Devil's Revenge is a 2019 American horror film directed by Jared Cohn and starring Jeri Ryan, William Shatner and Jason Brooks.

Plot
John Brock is a down-on-his-luck archaeologist who returns from an expedition to the caves of rural Kentucky after unsuccessfully trying to locate a mysterious relic that his family has sought for generations. Upon his return, John starts to see dream-like visions of a ferocious bird-like creature from ancient folklore. John soon learns that the cave he came into contact with on his last expedition was indeed the cave that contains the relic and also a portal to Hell and a place of worship for the Occult.

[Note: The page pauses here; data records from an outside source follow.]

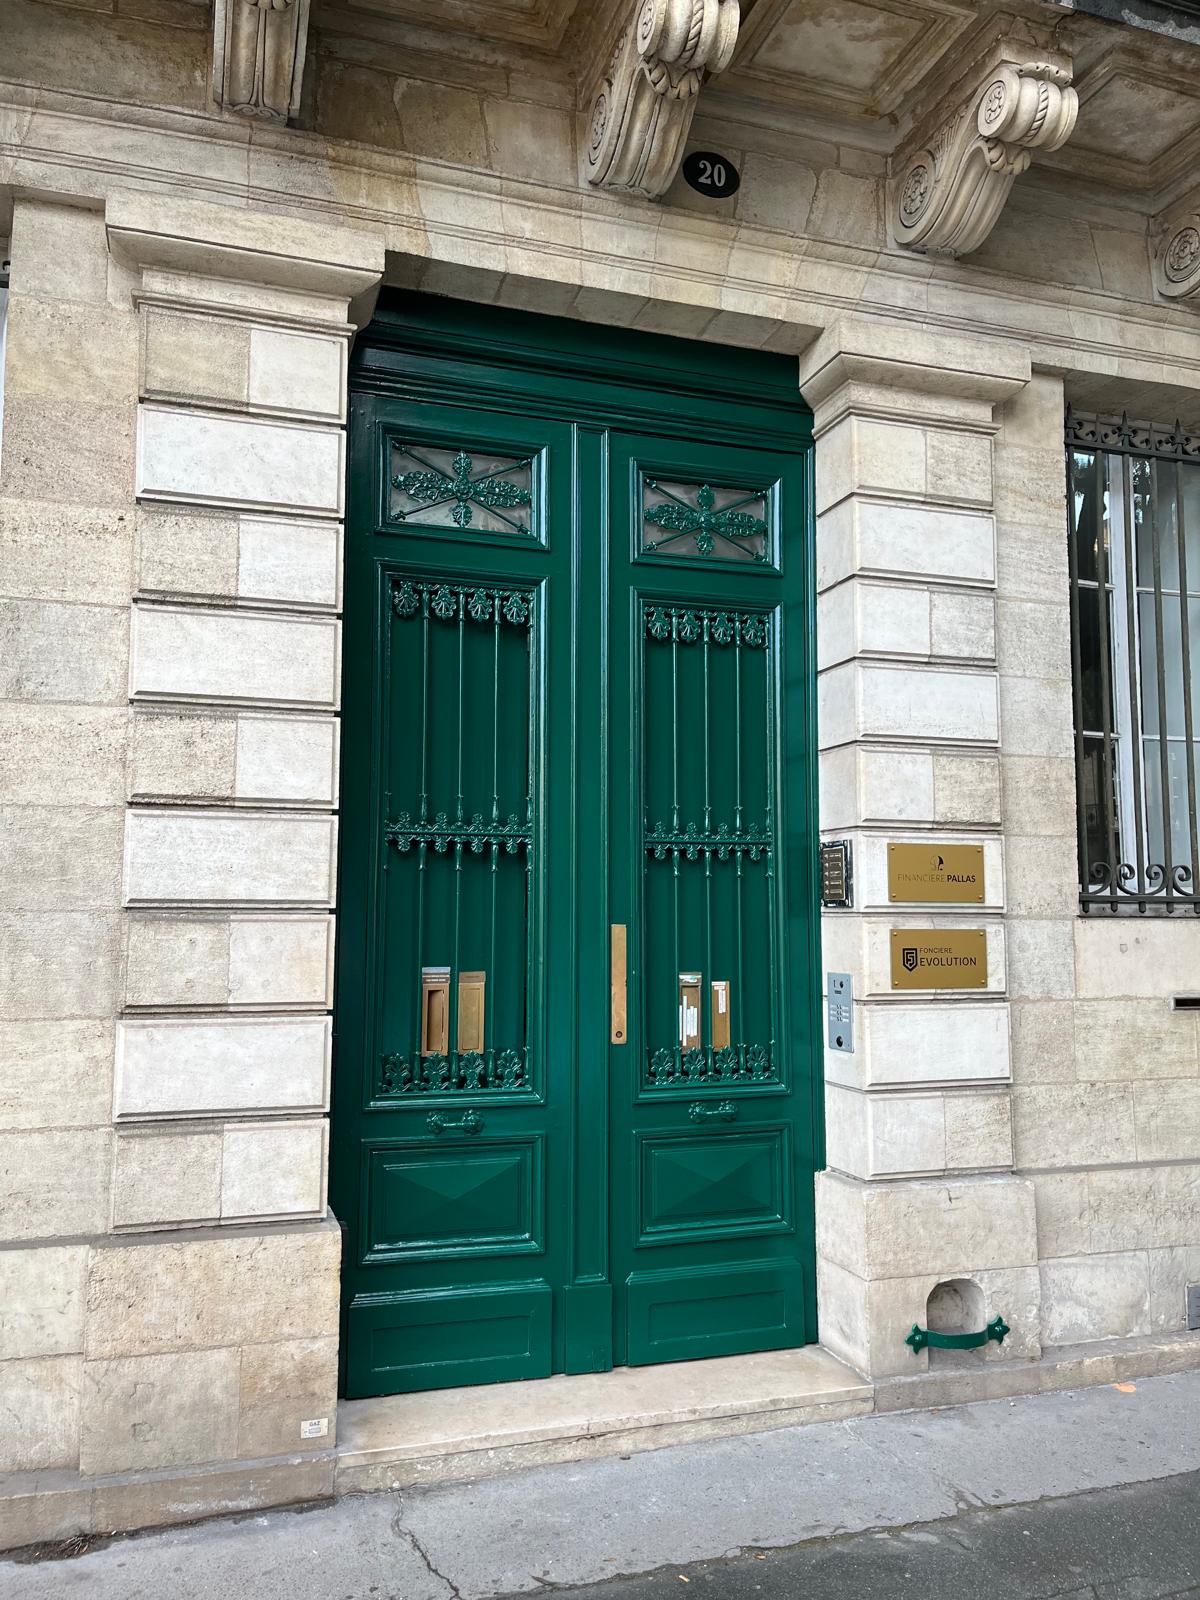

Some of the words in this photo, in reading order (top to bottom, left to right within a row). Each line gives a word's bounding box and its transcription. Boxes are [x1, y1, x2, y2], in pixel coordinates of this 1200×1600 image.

[698, 160, 726, 187] 20
[947, 874, 976, 883] PALLAS
[919, 957, 977, 967] EVOLUTION
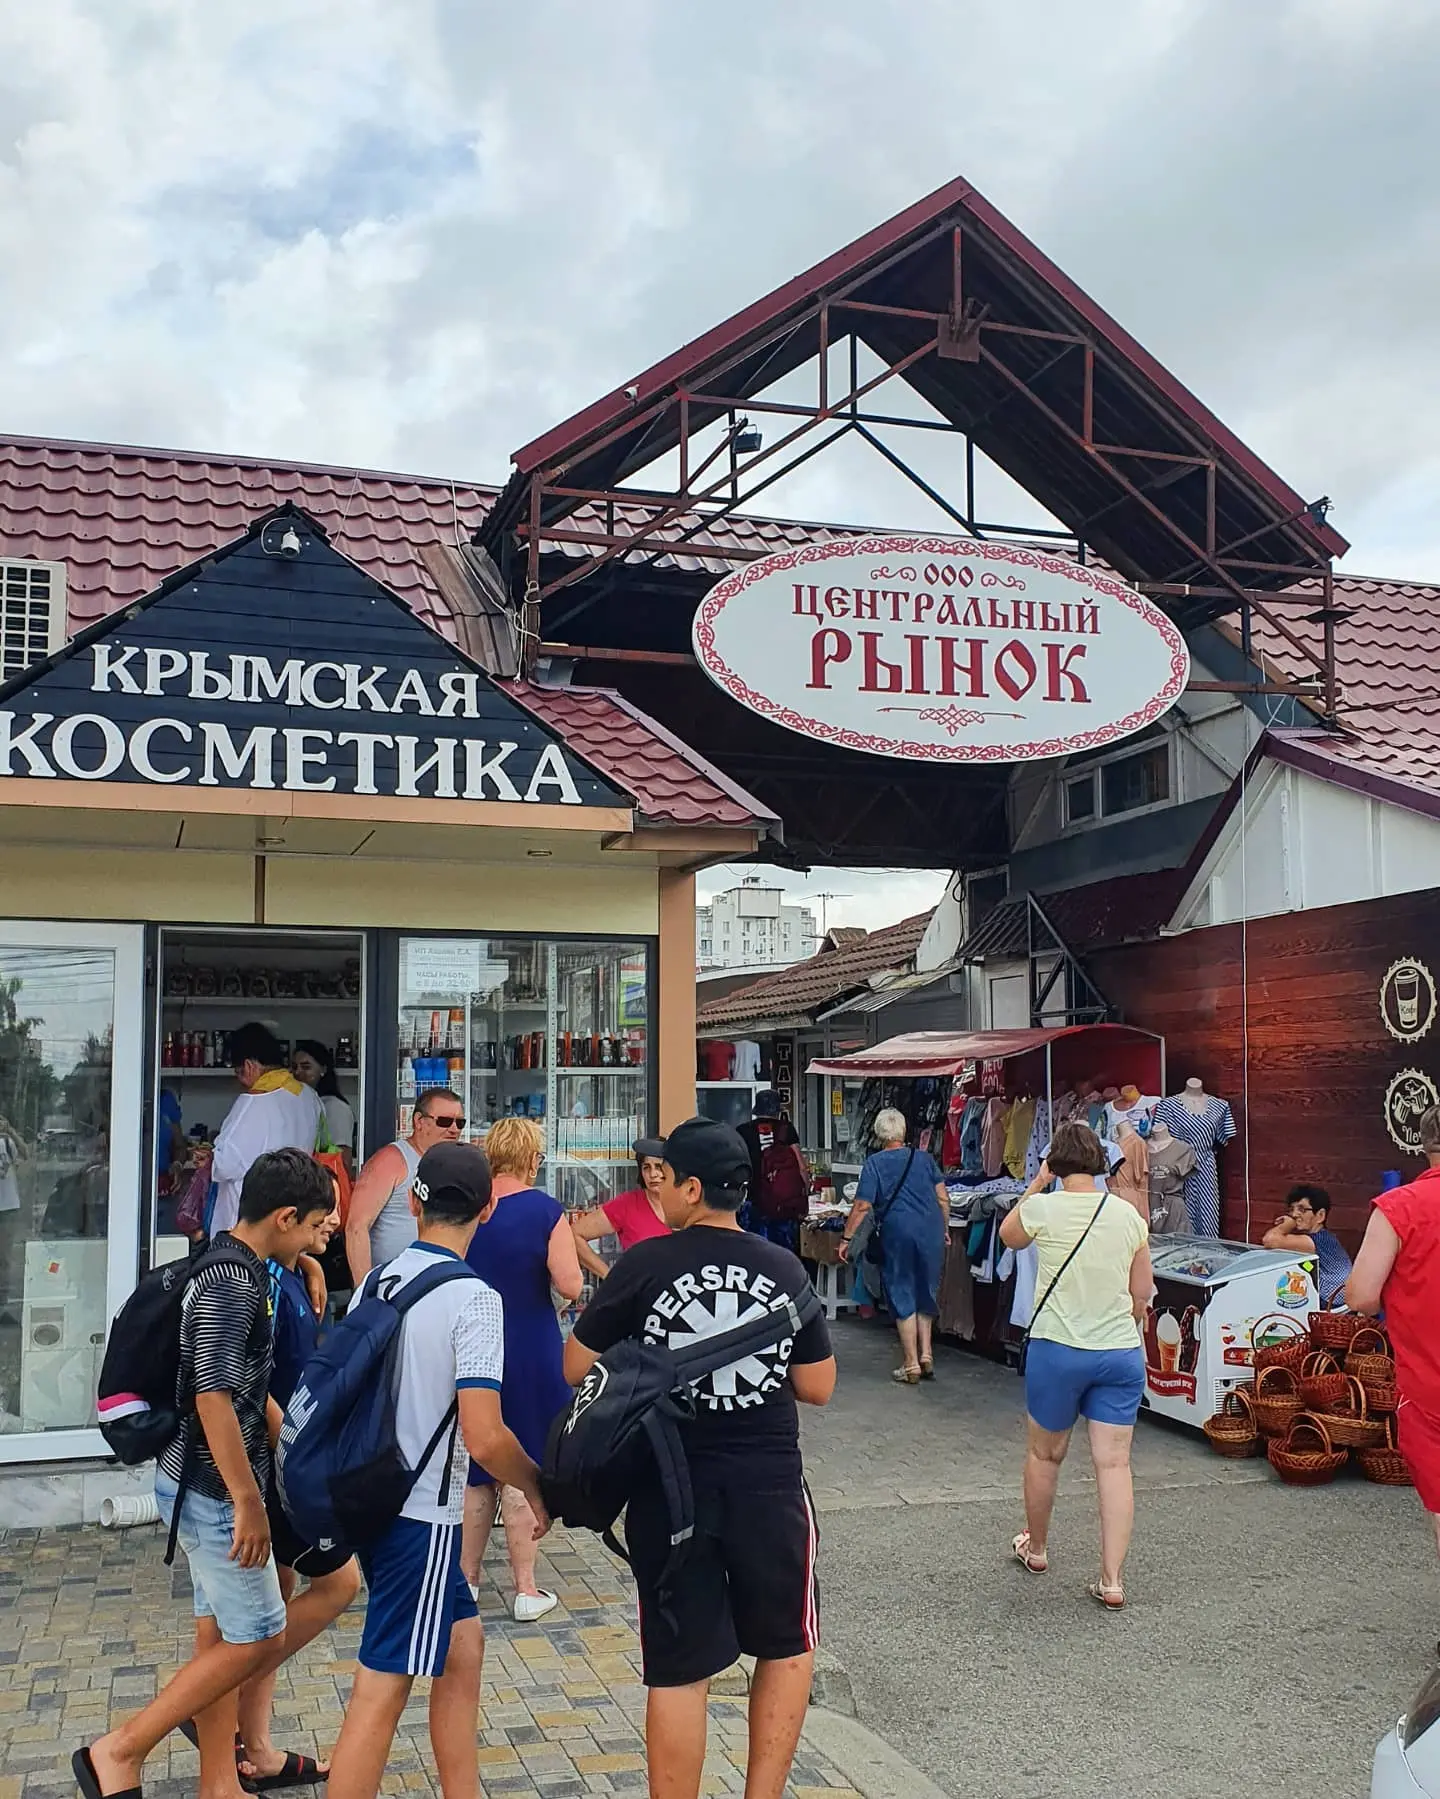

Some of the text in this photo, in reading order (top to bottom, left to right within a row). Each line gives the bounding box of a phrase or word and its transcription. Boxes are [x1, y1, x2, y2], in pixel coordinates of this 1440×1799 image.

[791, 583, 1102, 634] ЦЕНТРАЛЬНЫЙ
[923, 562, 974, 588] ООО
[90, 643, 481, 719] КРЫМСКАЯ
[805, 627, 1092, 704] РЫНОК
[0, 709, 583, 805] КОСМЕТИКА
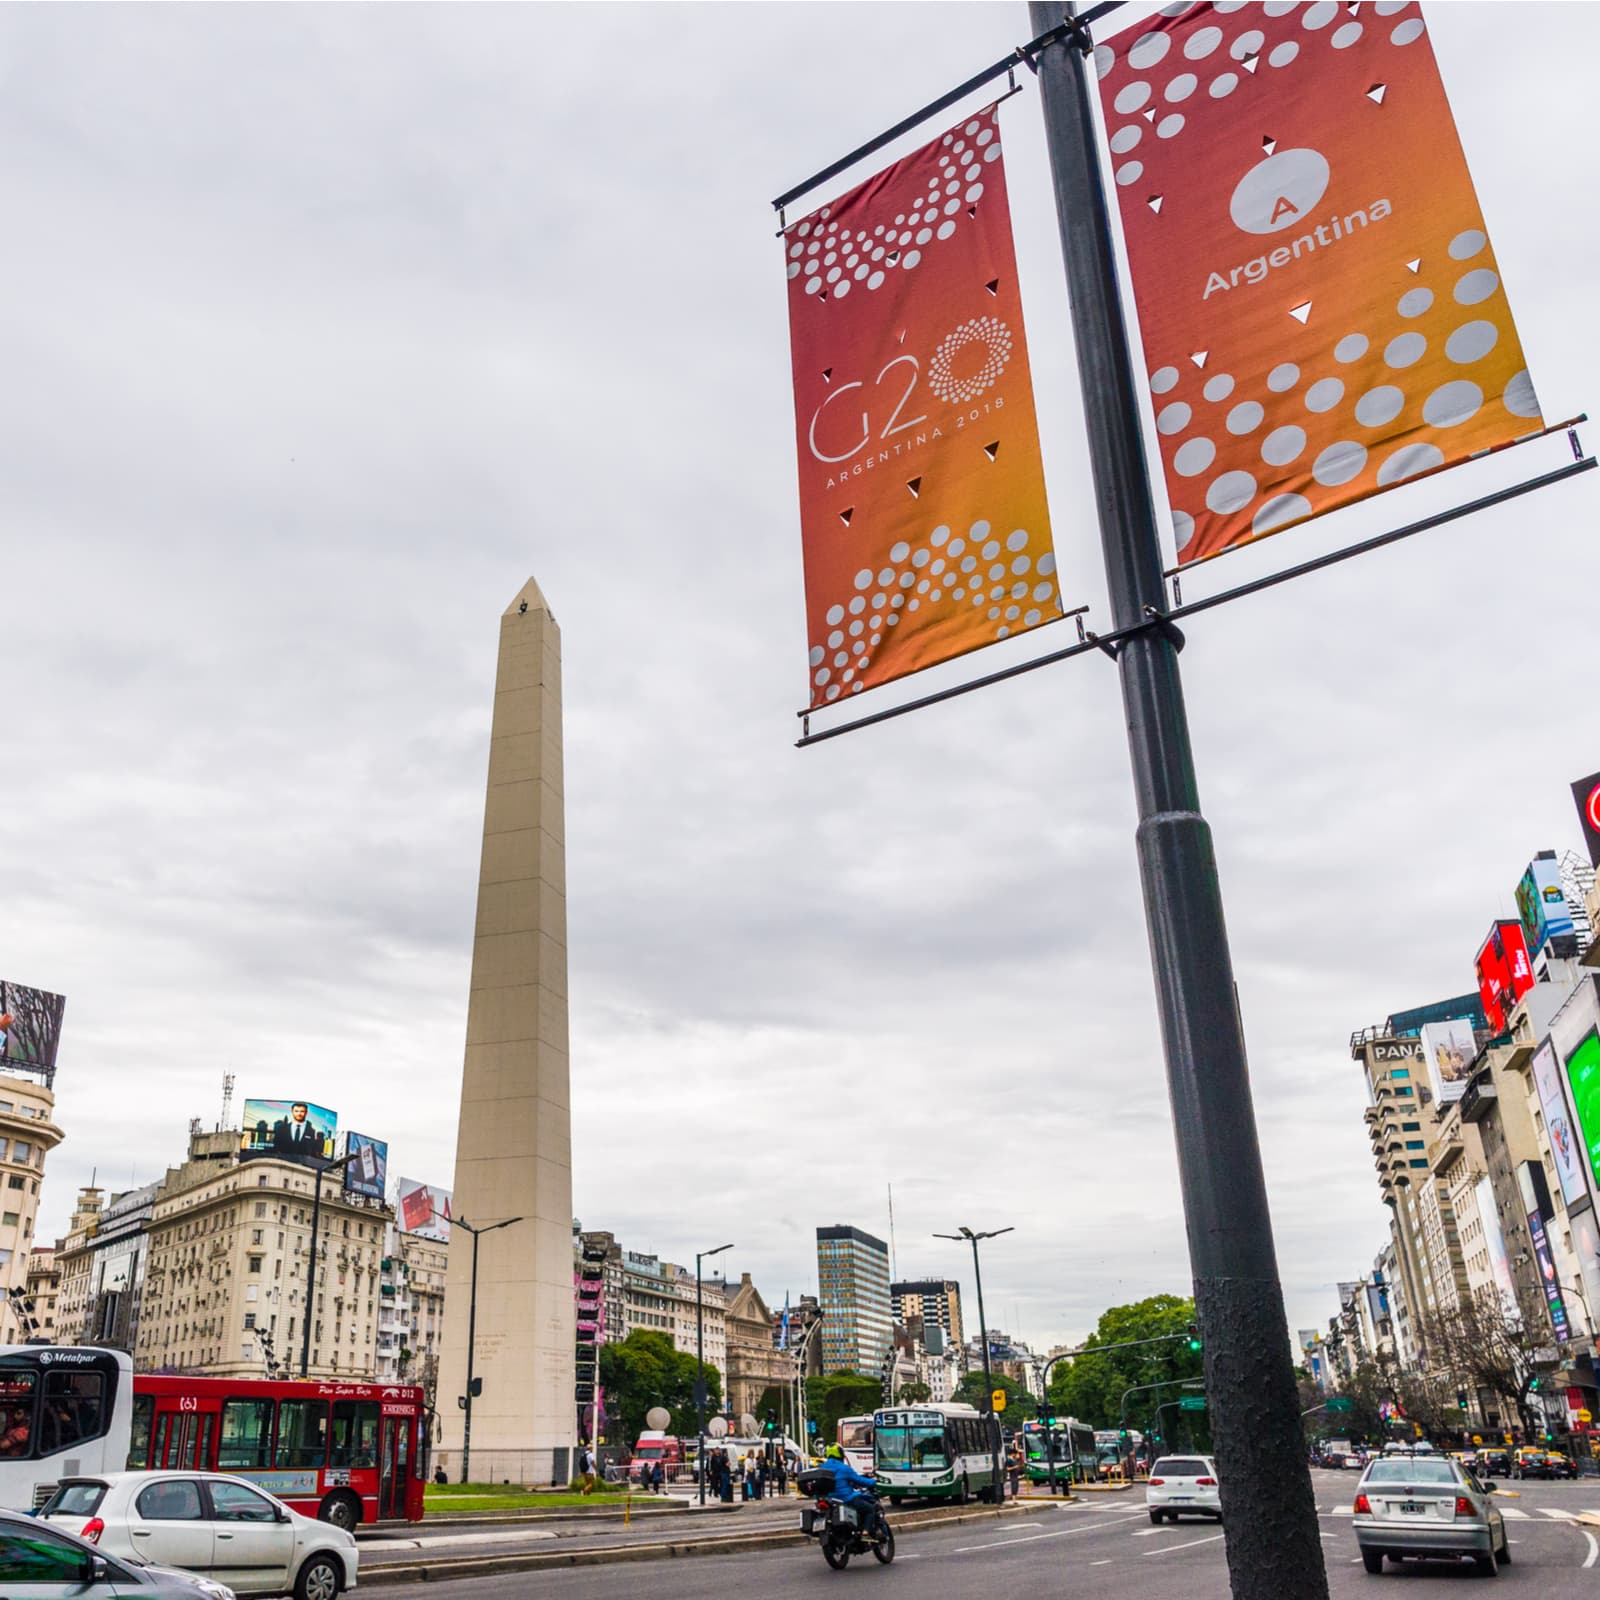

John discovers that the only way to stop the increasingly realistic visions is to go back to the cave with his family, find the relic once and for all, and destroy it.

Cast
Jason Brooks as Sergio
William Shatner as Hayes
Jeri Ryan as Susan
Brendan Wayne as Paul
Phillip Andre Botello as R.J.
Ciara Hanna as Dana
Robert Scott Wilson as Eric

Production
In addition to acting in the film, Shatner co-wrote the screenplay with Maurice Hurley.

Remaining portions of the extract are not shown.